I wonder what Nana’s character in Parinda would do if he saw Welcome Back. It can trigger off psychotic thoughts in the calmest of souls. An astute writer, Anees Bazmi provokes and challenges the viewers to dare and impose any intellectual reading of his monstrously confusing material.
No one would dare to attribute intelligent motives on a plot that is high on a blizzard of bilge.
The plot is a mind-boggling mass of implausible characters, all talking like they have just watched the full series of Office Office, who come in and go at their will because this is an all-expenses paid holiday in Dubai. And more importantly, this is Anees Bazmi’s ilaaka (area). Yahan, boss, sab kuch chalta hai (Everything works here). And logic ki toh aisi ki taisi (And there is no logic).
Admittedly, there is a goofy freedom to the outrageous goings-on specially in the way Anil Kapoor and Nana Patekar bond over the burlesque. The duo seems determined to slum it out in the sleazy satire. Forget Parinda. Think Anil and Jackie in Andar Bahar.
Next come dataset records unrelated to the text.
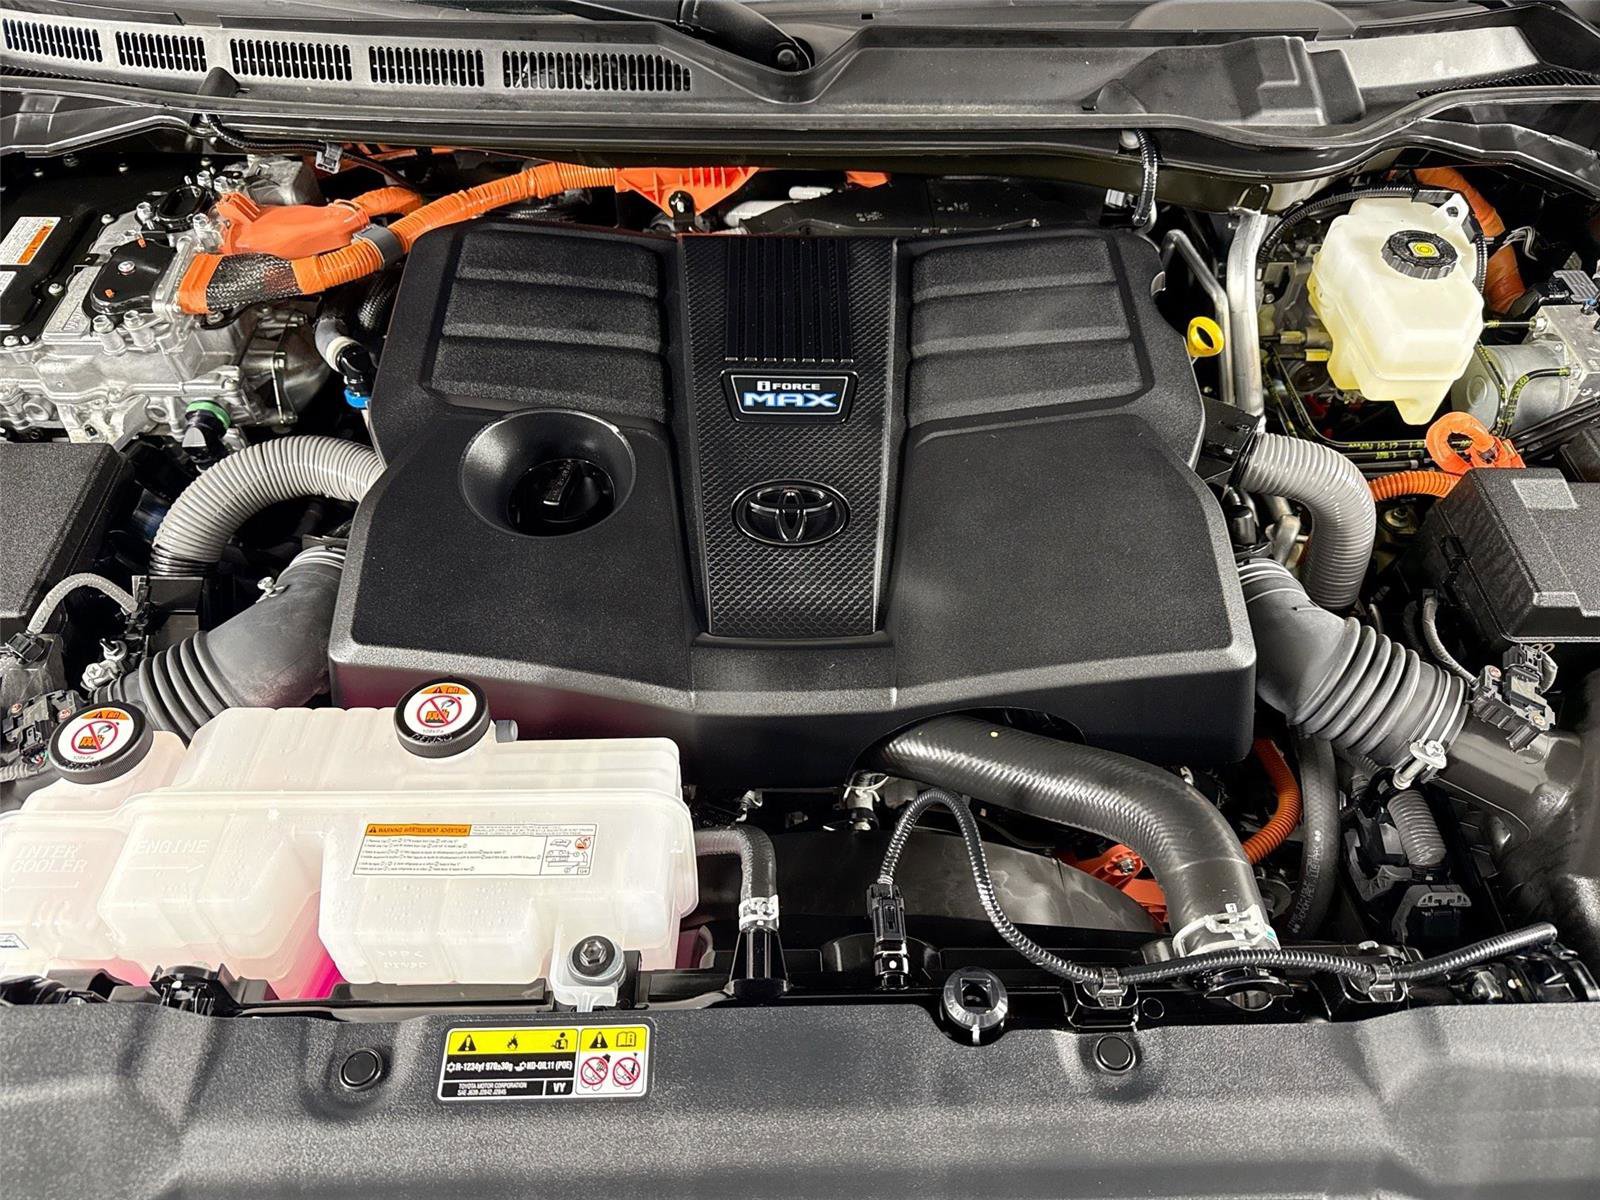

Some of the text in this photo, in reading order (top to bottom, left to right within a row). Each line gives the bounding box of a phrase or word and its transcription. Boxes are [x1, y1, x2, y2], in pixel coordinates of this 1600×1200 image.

[743, 392, 837, 408] MAX
[16, 844, 80, 860] INTER
[134, 839, 210, 855] ENGINE
[11, 859, 88, 873] COOLER
[552, 1082, 567, 1093] VY
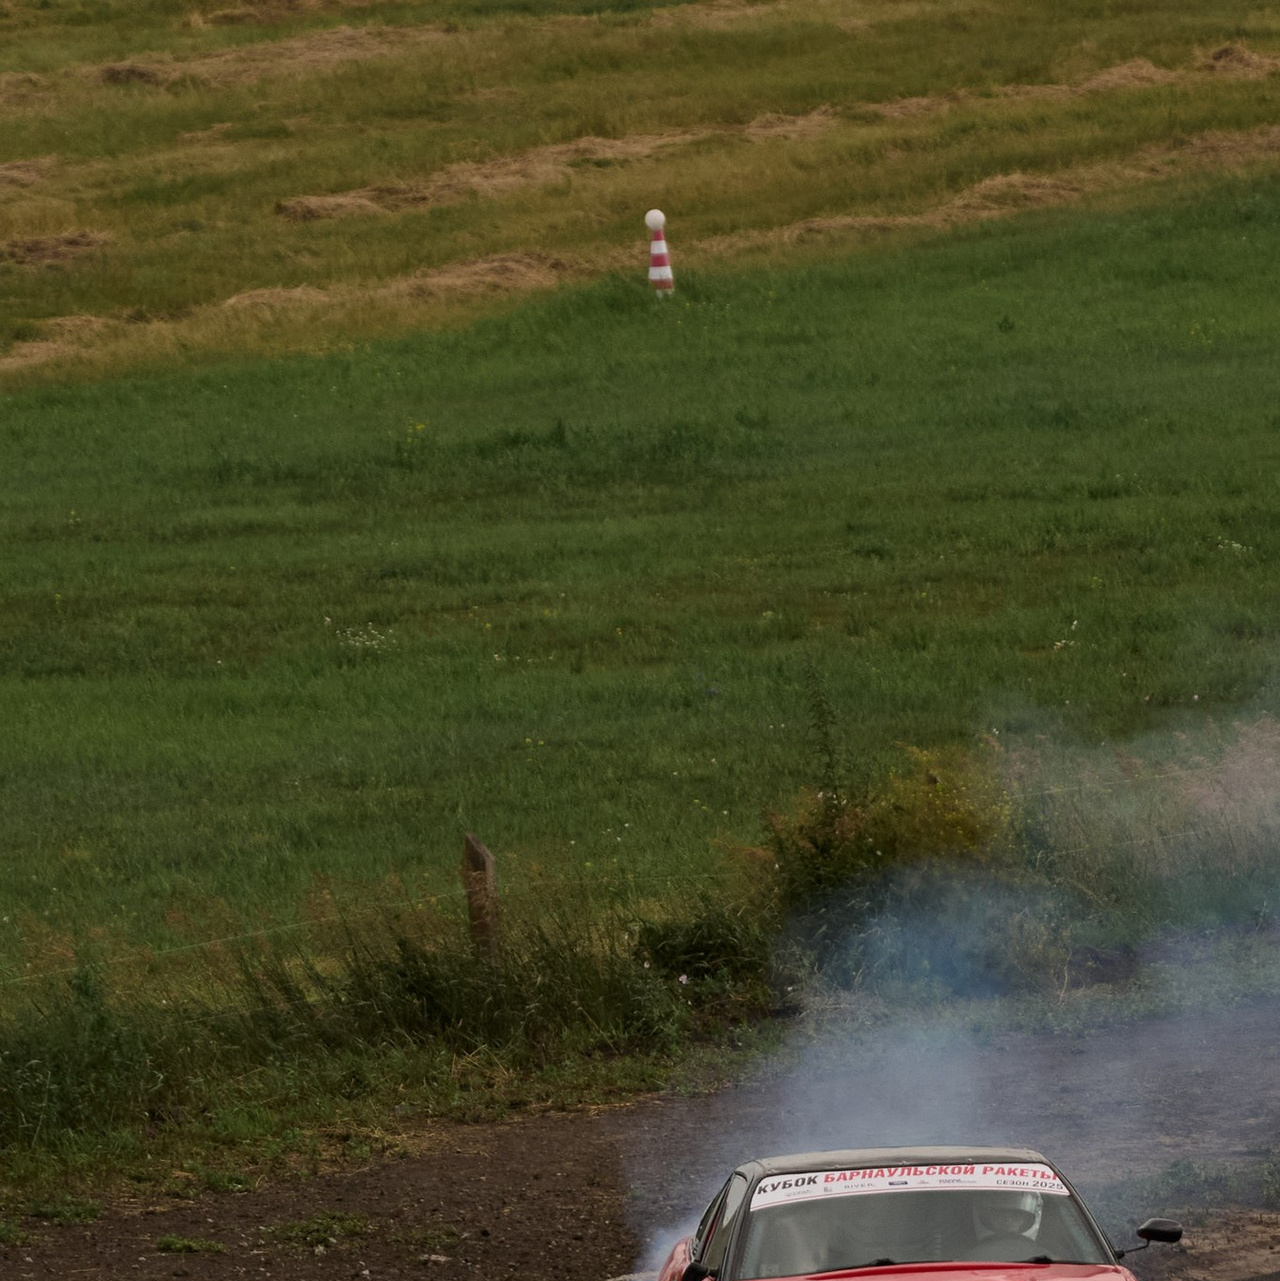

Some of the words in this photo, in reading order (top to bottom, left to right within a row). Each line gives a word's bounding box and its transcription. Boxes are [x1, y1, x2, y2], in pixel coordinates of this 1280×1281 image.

[757, 1175, 818, 1195] КУБОК
[824, 1164, 975, 1183] БАРНАУЛЬСКОЙ
[1032, 1180, 1064, 1190] 2025
There is a specially noticeable antakshari sequence in a graveyard where Kapoor and Patekar scare the hell out of one another while John Abraham keeps popping in and out of a sack playing dead. Dead or alive, John’s comic timing is not bad. He tries really hard and succeeds once in a while in being endearing.
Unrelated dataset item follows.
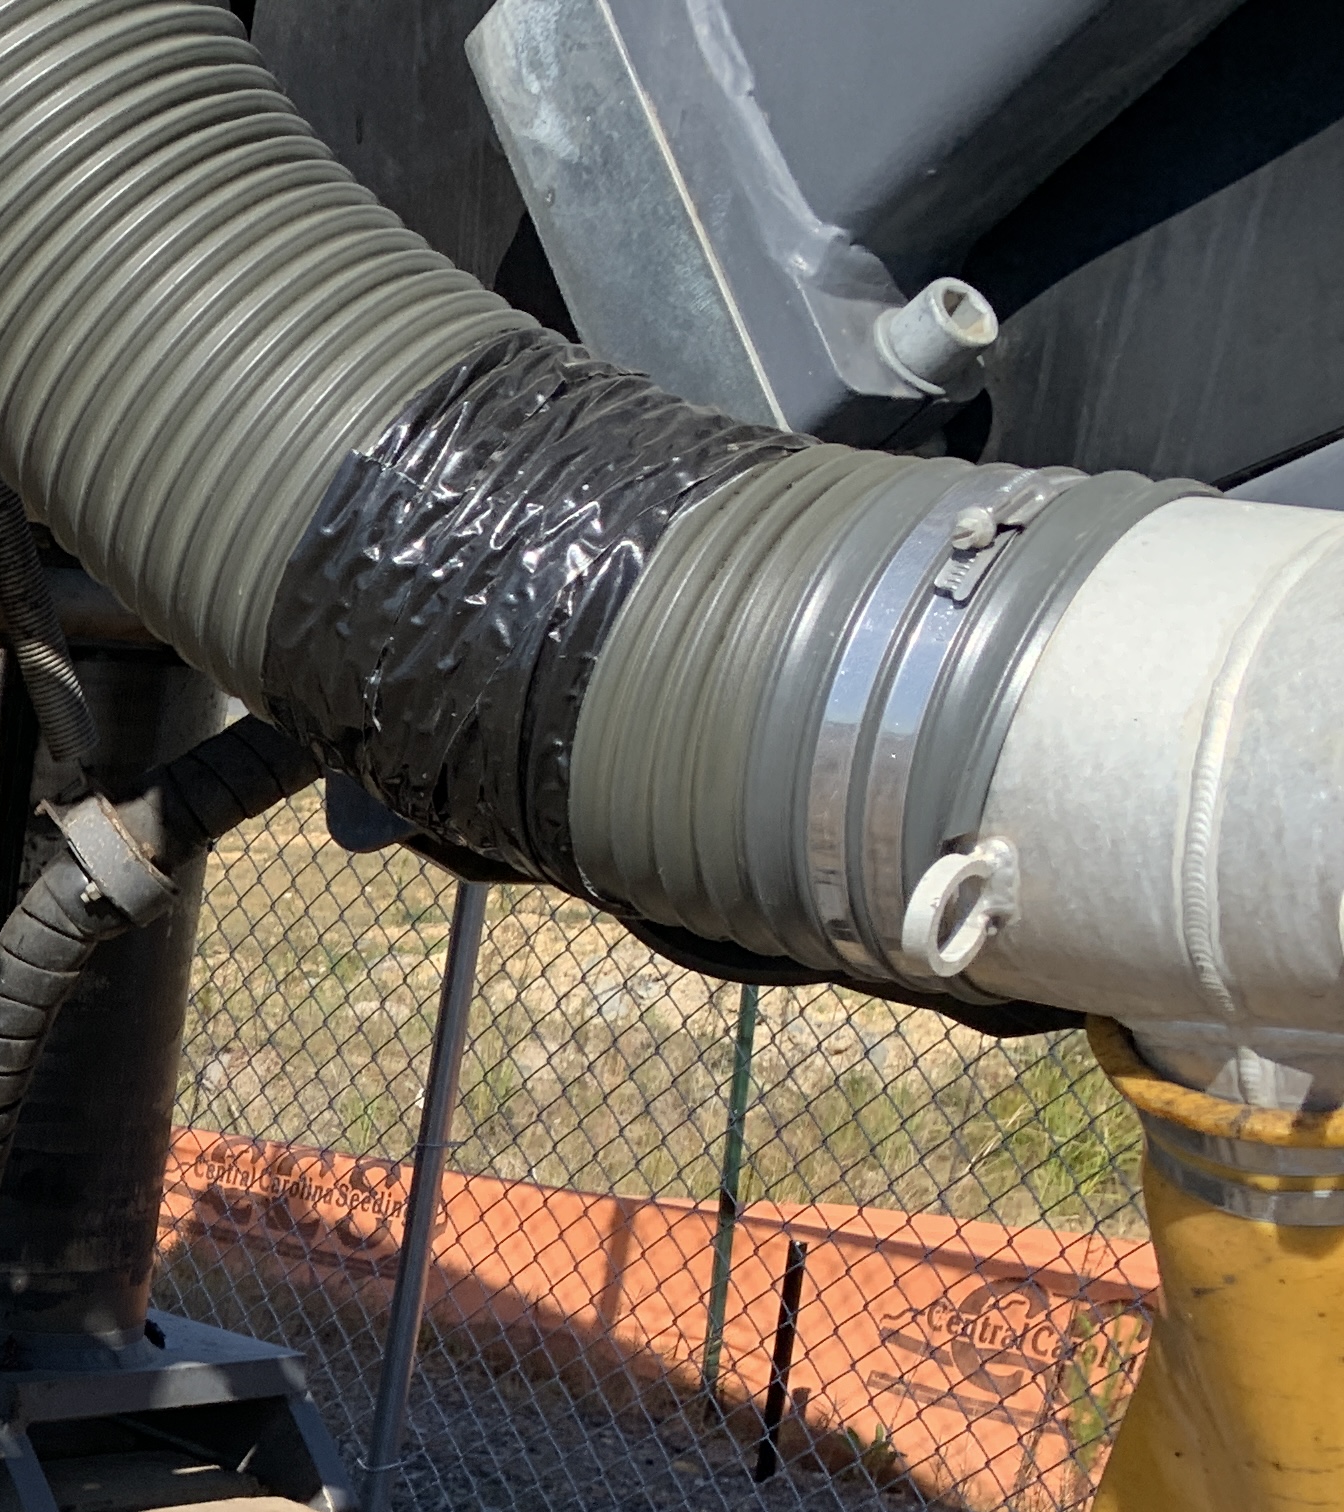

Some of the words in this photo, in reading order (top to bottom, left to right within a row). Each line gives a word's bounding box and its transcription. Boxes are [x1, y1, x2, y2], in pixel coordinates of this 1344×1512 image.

[194, 1155, 256, 1188] Central
[258, 1167, 334, 1204] Carolina
[927, 1300, 1027, 1352] Central
But for a comeback film Welcome Back lets John down badly. I specially liked him in a movie-theatre scene where he gets slapped by Shruti. The expression there was that of an actor who knows he can be beaten at his game when surrounded by stalwarts.
Not that the stalwarts have much to do. Almost-forgotten actors like Ranjeet, Mustaq Khan, Neeraj Vora and yes, Shiney Ahuja show up in a garish kaleidoscope of cameos that add nothing to the actors’ resume or to the over-populated plot of this antiquated ode to fetid antics.
I did hear audience giggling once in a while. But the laughter in the theatre was few and far between. Specially unfunny was Dimple Kapadia in a role of a conniving con-woman posing with her daughter as royalty to hook every unmarried male in sight. The lady tries to have fun playing the aging slut. Dressed in garish pink and screaming purples Dimple is uncomfortable in a role that Bindu would have played 20 years ago.
For all its sins of unstoppable buffoonery Welcome Back manages to be inoffensive and surprisingly free of vulgar thoughts. Even when a newcomer Ankita Srivastava emerges from the water in bikini we aren’t really expected to get delirious with sexy thoughts. The narrative has the innocent joy of a child telling adult jokes that only the child understands, to his Dad’s friends.
If the film doesn’t trip up on its own silliness it’s because the actors get the point. A little before the release Anil Kapoor had gently said Welcome Back is not a great film. He meant to tell us that everybody associated with this work of unalloyed asininity is out to have fun.
The film actually comes into its own midway when Naseeruddin Shah shows up as a blind gangster with a dysfunctional son(Shiney Ahuja). Every time Naseer does something evil he says it’s a joke.
Quite the sentiment that moves this topheavy comedy ahead.
If you like ridiculous humour in cinema laced with lots of flamboyant locations songs and action then Welcome Back is your poison. But if stupidity dressed up in laughter offends you, this one may drive you to commit a crime worse than making a film whose comic plot no one follows.
Not even the director himself. Not completely. Not really.